┌────────
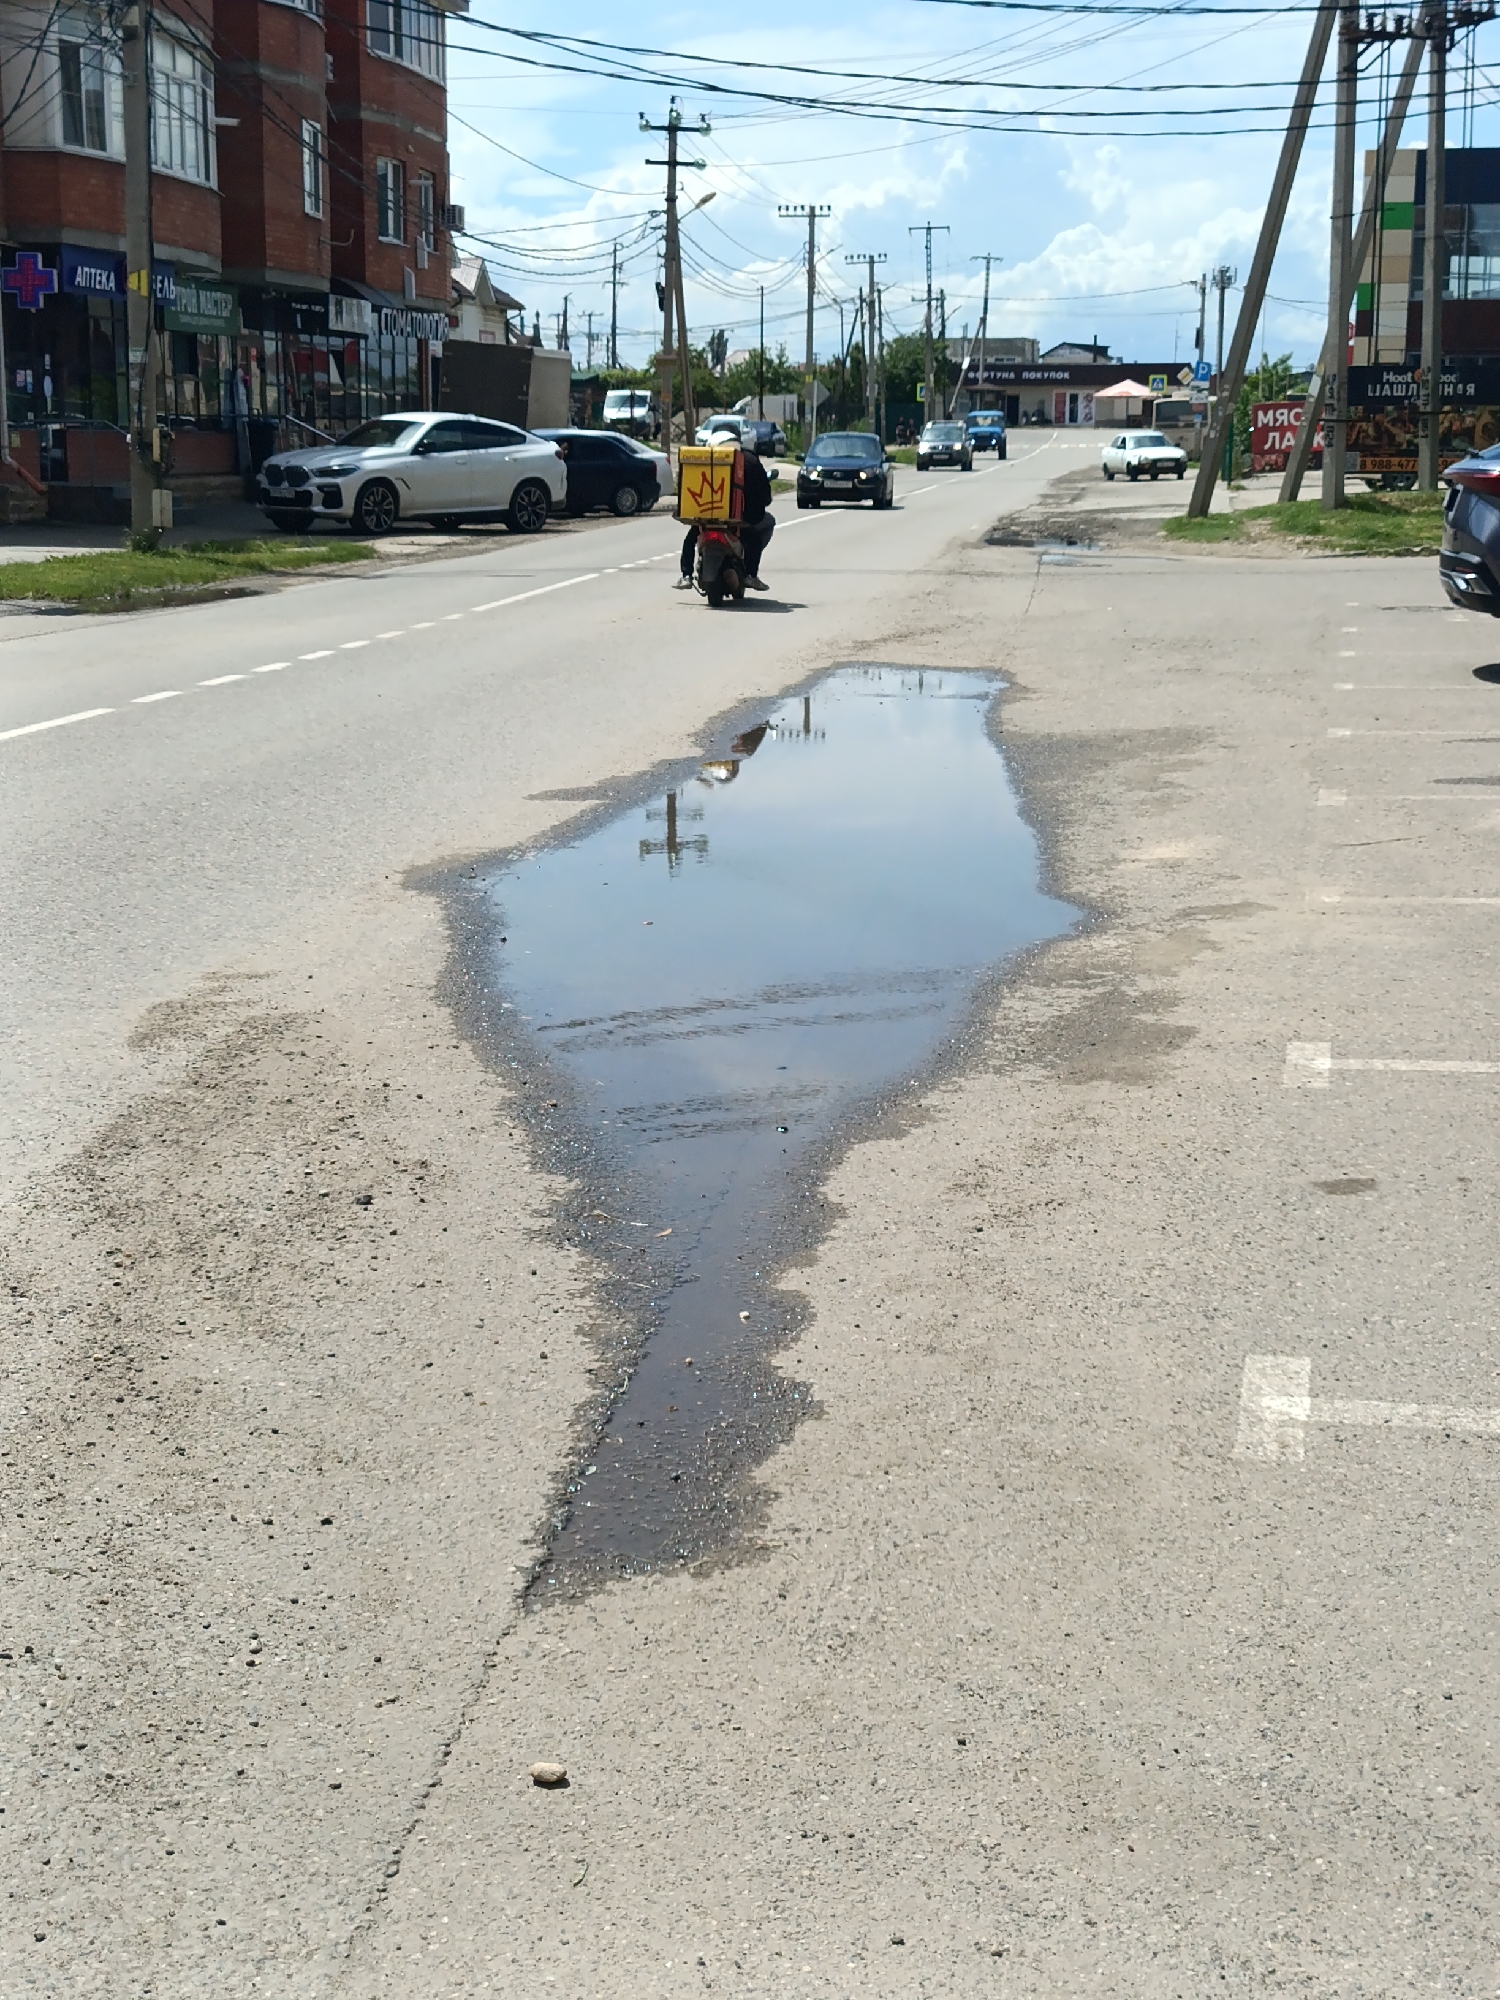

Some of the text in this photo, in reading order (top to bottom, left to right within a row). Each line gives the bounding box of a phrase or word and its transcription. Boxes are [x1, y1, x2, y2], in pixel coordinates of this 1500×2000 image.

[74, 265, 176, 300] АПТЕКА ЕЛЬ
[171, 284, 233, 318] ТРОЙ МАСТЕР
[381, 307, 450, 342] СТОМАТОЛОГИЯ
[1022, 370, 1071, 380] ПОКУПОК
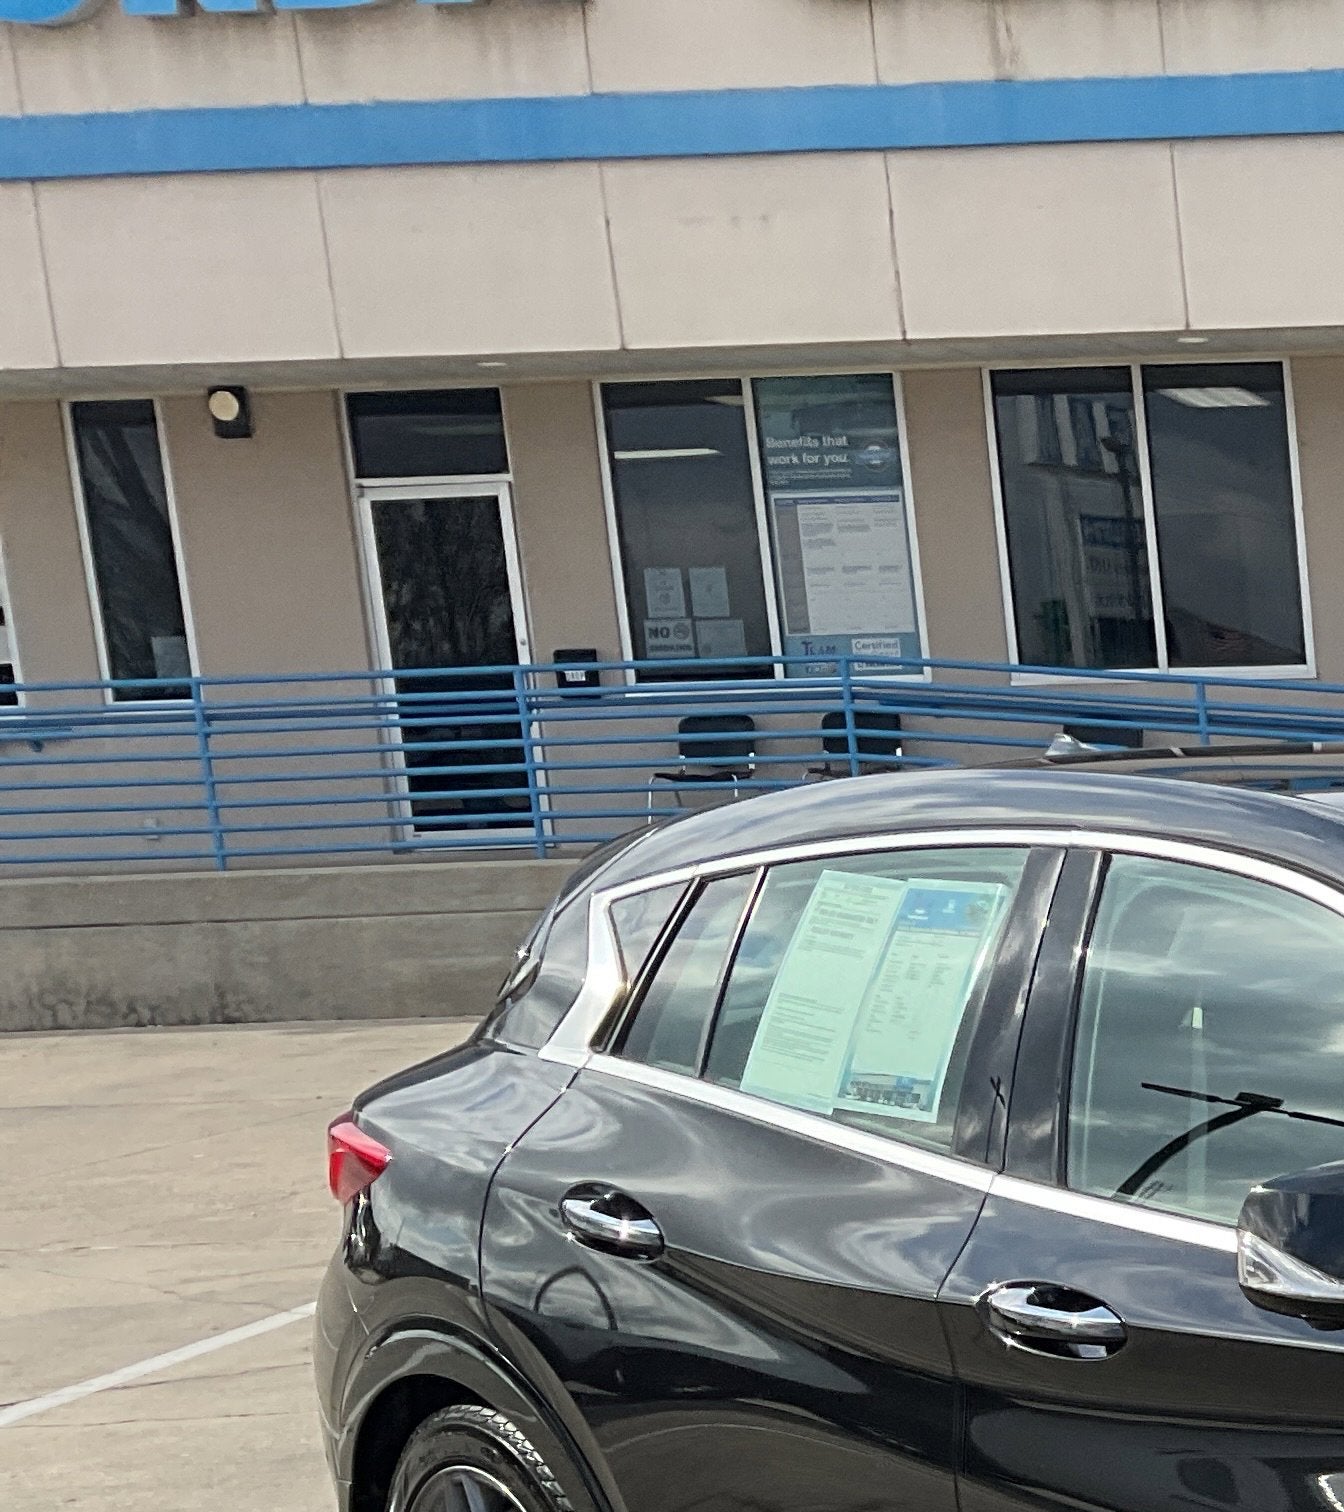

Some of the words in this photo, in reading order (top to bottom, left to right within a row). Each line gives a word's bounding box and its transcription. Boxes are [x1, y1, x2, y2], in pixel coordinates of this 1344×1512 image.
└────────
- _What is expected_: Pictures are to be left out; all other data must be returned exactly.

- _Written answer_:
Some of the text in this photo, in reading order (top to bottom, left to right within a row). Each line gives the bounding box of a phrase or word and its transcription. Boxes are [x1, y1, x2, y2], in pixel coordinates of this 1500×2000 image.

[74, 265, 176, 300] АПТЕКА ЕЛЬ
[171, 284, 233, 318] ТРОЙ МАСТЕР
[381, 307, 450, 342] СТОМАТОЛОГИЯ
[1022, 370, 1071, 380] ПОКУПОК

Some of the words in this photo, in reading order (top to bottom, left to right within a row). Each line gives a word's bounding box and its transcription. Boxes are [x1, y1, x2, y2], in pixel coordinates of this 1344×1512 image.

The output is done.